Quienes cursamos carreras técnicas o profesionales después de la jornada laboral, no solo enfrentamos el agotamiento físico, sino también una ciudad que parece "cerrarse" antes de que nuestras clases terminen. La disminución de la frecuencia del transporte público y la escasa iluminación en los paraderos aledaños a las instituciones de educación superior no son solo un inconveniente logístico, son un factor de riesgo que vulnera el derecho a la educación y a la integridad física.

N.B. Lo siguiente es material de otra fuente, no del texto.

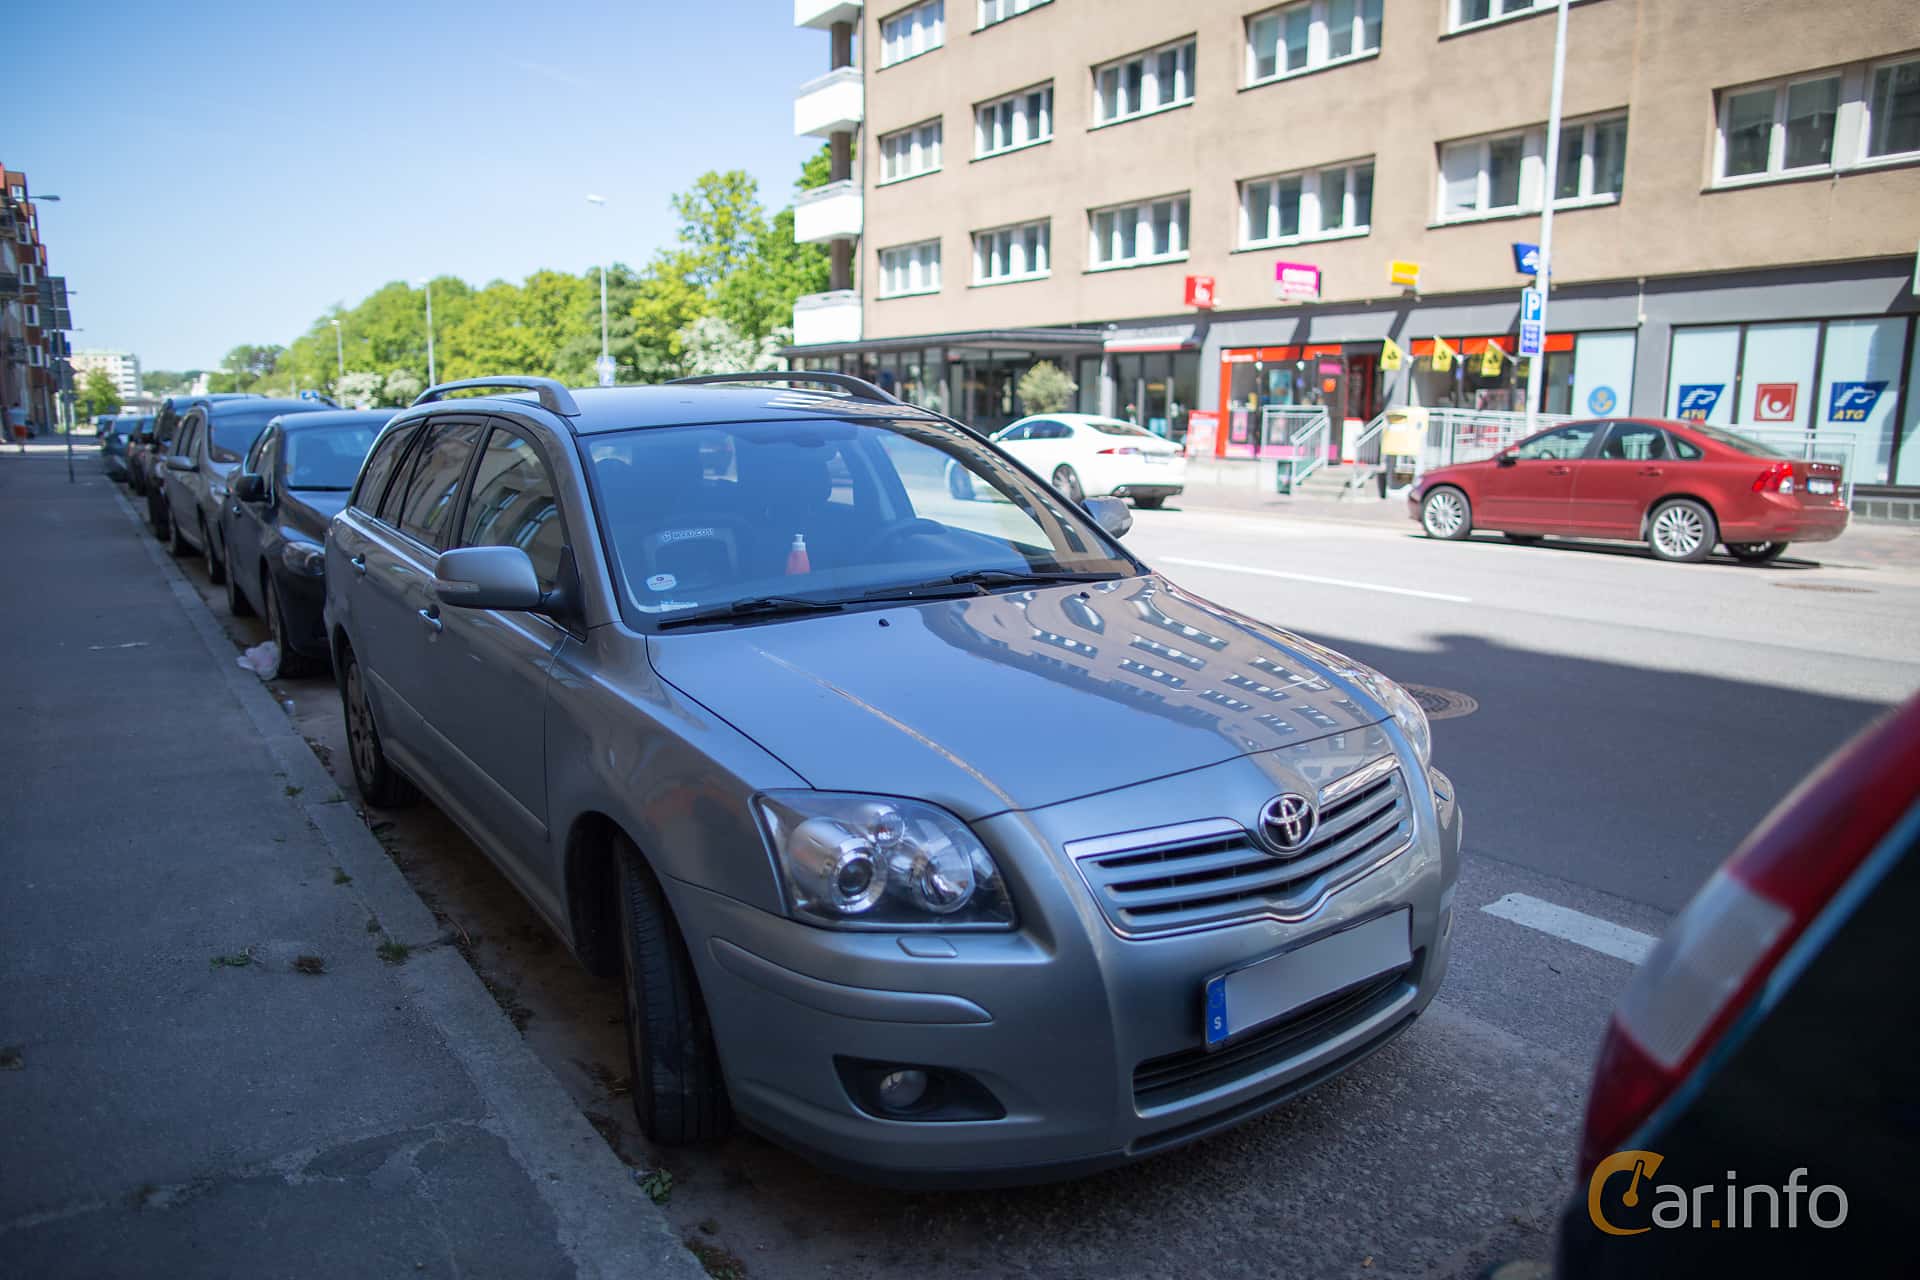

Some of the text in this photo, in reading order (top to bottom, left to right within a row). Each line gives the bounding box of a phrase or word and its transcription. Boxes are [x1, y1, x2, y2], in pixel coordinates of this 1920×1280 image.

[1527, 292, 1540, 320] P
[1832, 409, 1865, 420] ATG
[1213, 1015, 1222, 1030] S

La labor del trabajador social se basa en la justicia y el bienestar comunitario. Por ello, es imperativo que las autoridades locales y las empresas de transporte dejen de mirar hacia otro lado. No se trata solo de "poner más patrullas", sino de garantizar rutas seguras y frecuencias reales de buses que nos permitan regresar a casa sin el miedo constante de ser la próxima cifra en las estadísticas de delincuencia.
La educación es el motor de movilidad social en nuestro país, pero ese motor no puede funcionar si quienes buscamos un futuro mejor debemos transitar por calles que el Estado parece haber olvidado después de las ocho de la tarde.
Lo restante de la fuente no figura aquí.